I ducked in beside her, gripping the frame. We were all set up to go — but for the guard. He was still on the cliff-top path, but further along, mercifully still in ignorance of us.
"How long before another guard follows him?" I asked.
Fire was near to tears. "I don't know. Not long. There's always a few patrolling the island."
The guard had passed behind a spur of rock.
"We'll just have to risk it," I said. "Hold on!"
She gave a quick, terrified smile. "I've never been up in one of these things, Bob!"
I fired the engine, ran along the beach. There was still no further sign of the guard. Our only hope that we might escape undetected was the fact that the wind was blowing from the island, carrying the splutter of the motor out to sea.
"I hope you don't mind heights, Fire!" I shouted as we lifted, the golden crescent of sand falling away beneath us.
Fire screamed into the headwind, a combination of fright, delight, and disbelief that we were finally free.

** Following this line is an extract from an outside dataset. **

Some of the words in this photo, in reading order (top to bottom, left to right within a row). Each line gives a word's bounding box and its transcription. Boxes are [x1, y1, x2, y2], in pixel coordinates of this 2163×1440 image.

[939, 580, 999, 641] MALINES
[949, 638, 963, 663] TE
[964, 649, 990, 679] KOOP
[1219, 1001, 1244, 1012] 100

I kept the glider low, wave hopping, so that the bulk of the island was between us and Trevellion's dome. Then we climbed steadily, the archipelago opening out beneath us.
Beside me, Fire gripped the hand-rail and stared down with wide eyes, her long blonde hair flying in the wind. "So many islands!" she cried. "I never knew there were so many islands!"

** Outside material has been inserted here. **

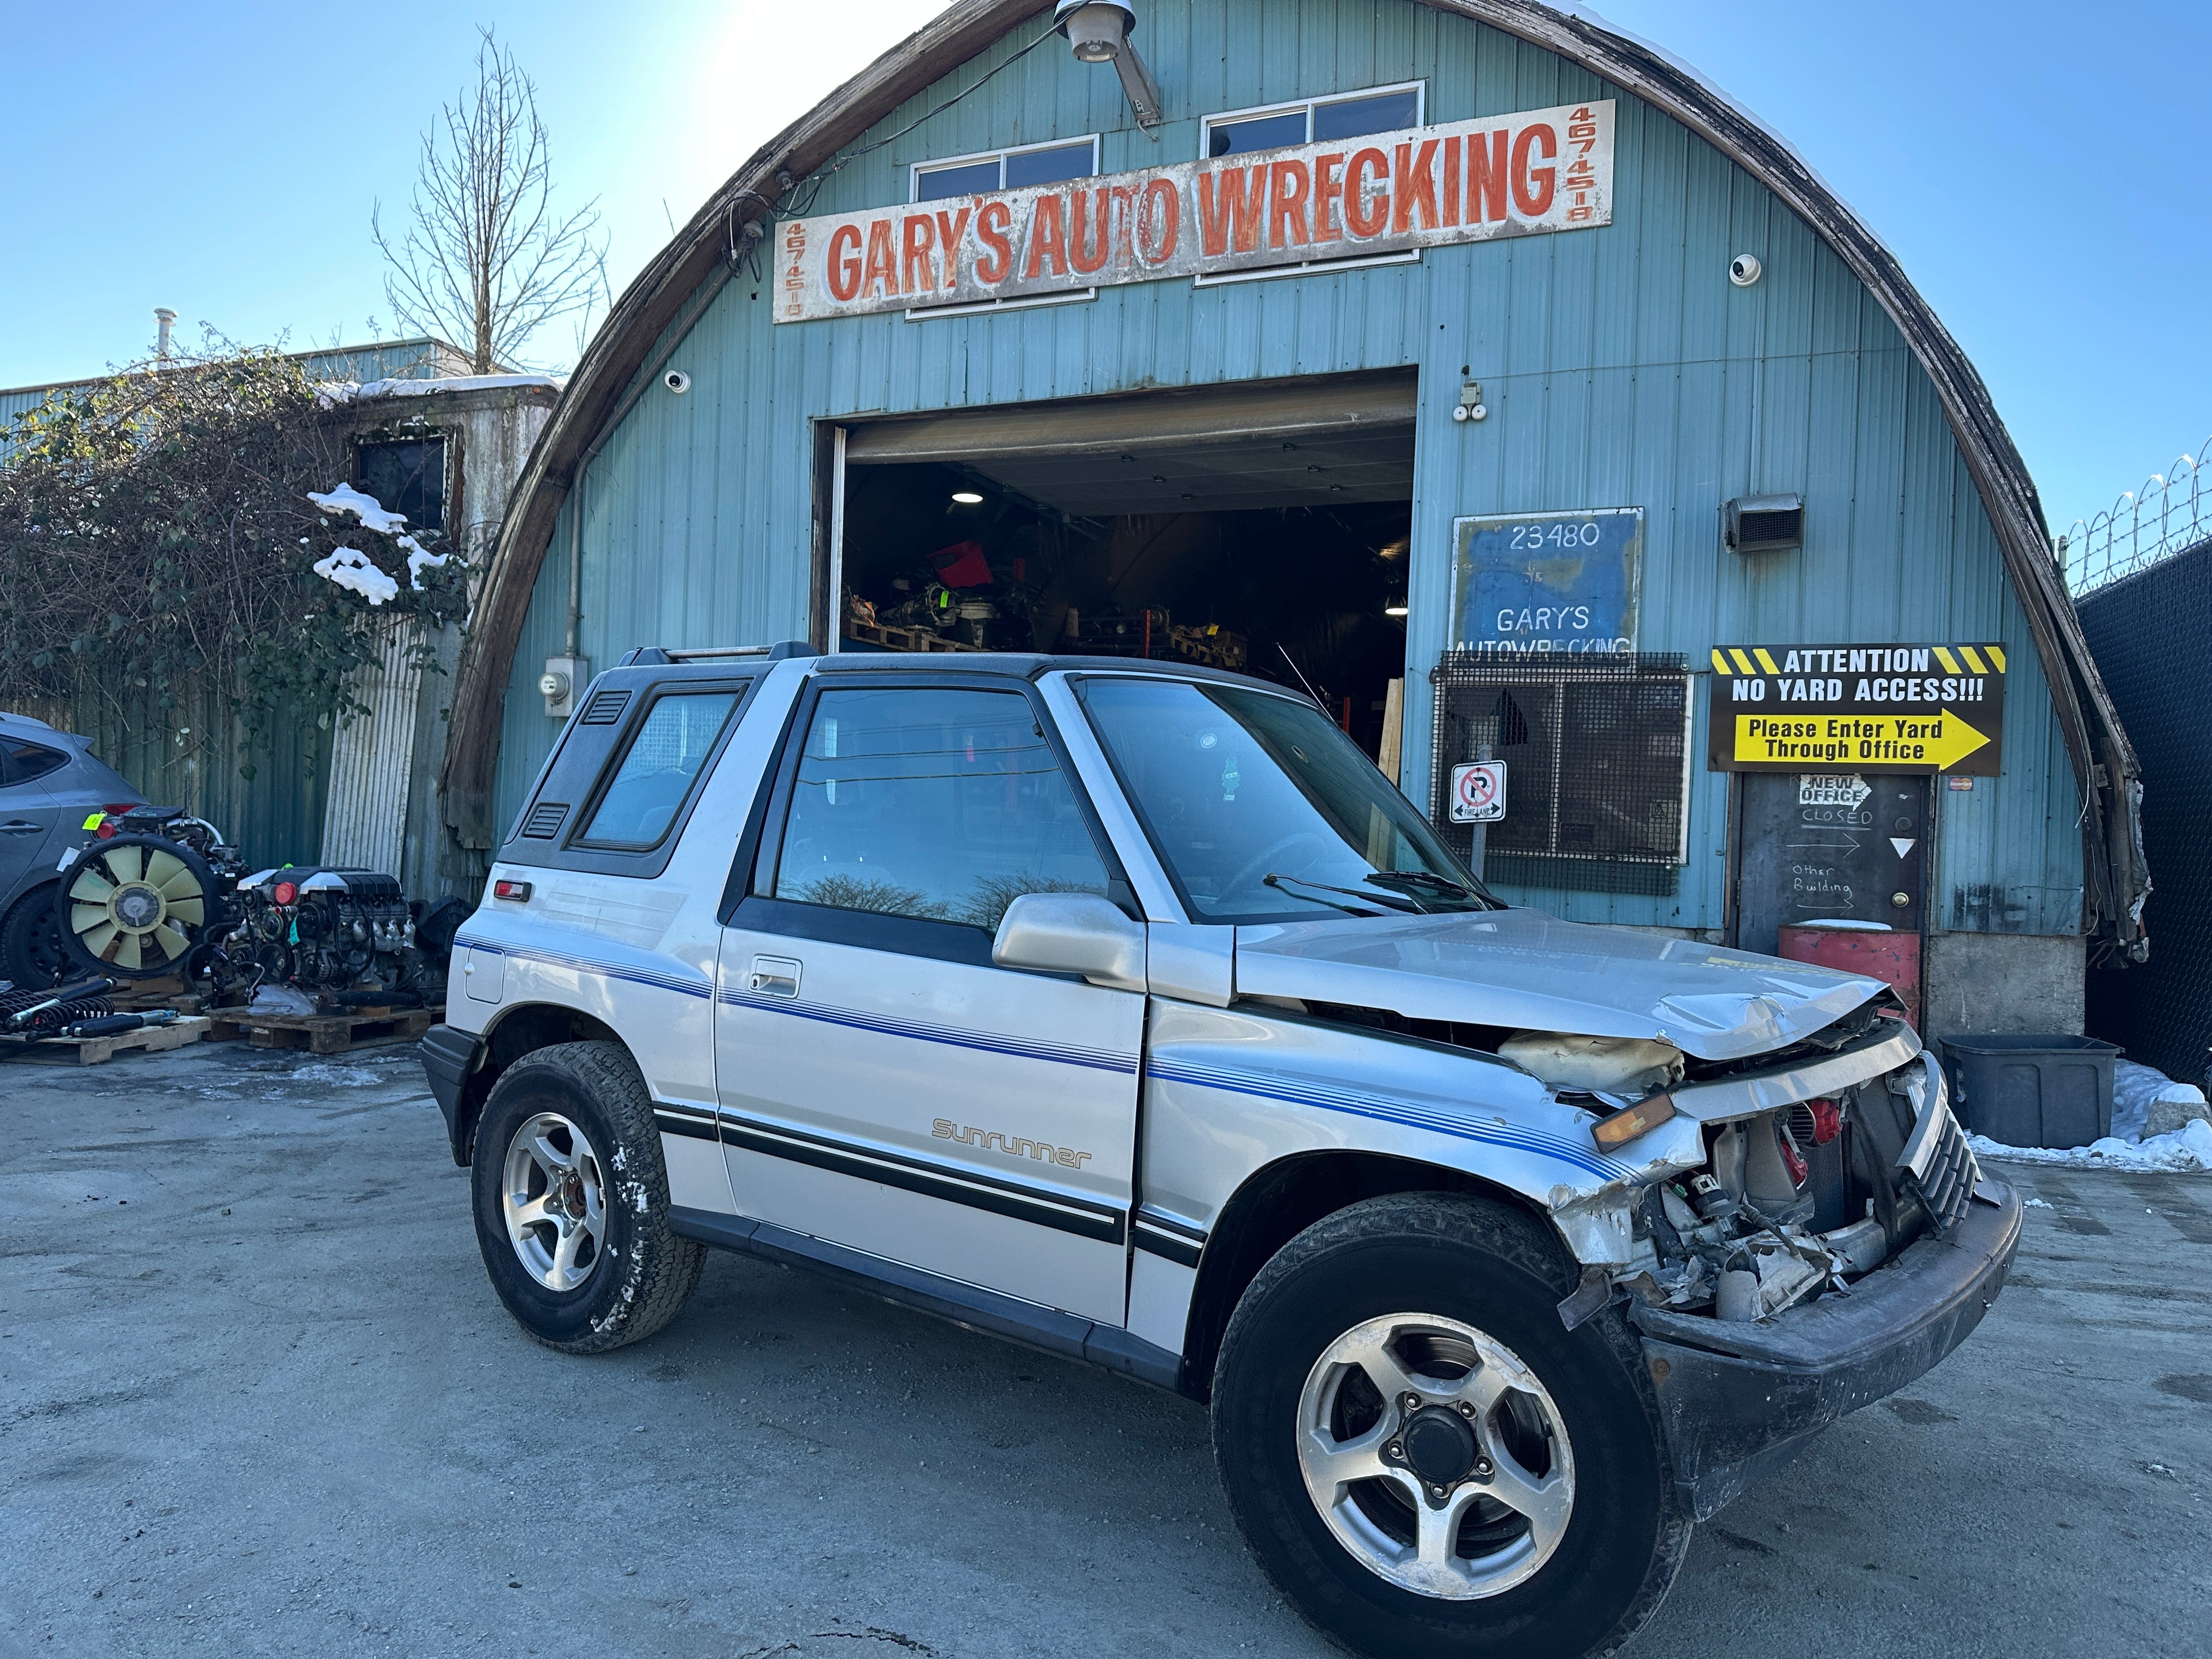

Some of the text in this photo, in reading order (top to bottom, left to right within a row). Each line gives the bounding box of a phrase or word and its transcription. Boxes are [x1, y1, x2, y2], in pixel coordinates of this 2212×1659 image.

Silver tears streamed from her cheeks and fell into the sea.
We banked and headed for Main.
~
Two hours later we landed on the clifftop greensward of the Meridian Gliding Club, stacked away the glider and caught a cab into town. I was still in two minds as to whether I should take Fire to the Museum of Modern Art. On one hand I hoped that Jade and Tamara Trevellion's collaborative work of art might exorcise the spectre of Jade that had haunted Fire for so long, release in her the knowledge of what had really happened to her sister; on the other, I feared that Fire's experience of the piece might, if it failed to act as a mnemonic, convince Fire even more that the only way to relive her sister's death was through the medium of frost.
As we hovered through the busy afternoon streets of Main, I said, "Fire, do you really want to go to the museum?"
She turned and looked at me. "You promised!" she said.
I shrugged. Sunlight beat in through the glass, making me uncomfortable. "It might be more than you can take," I said lamely.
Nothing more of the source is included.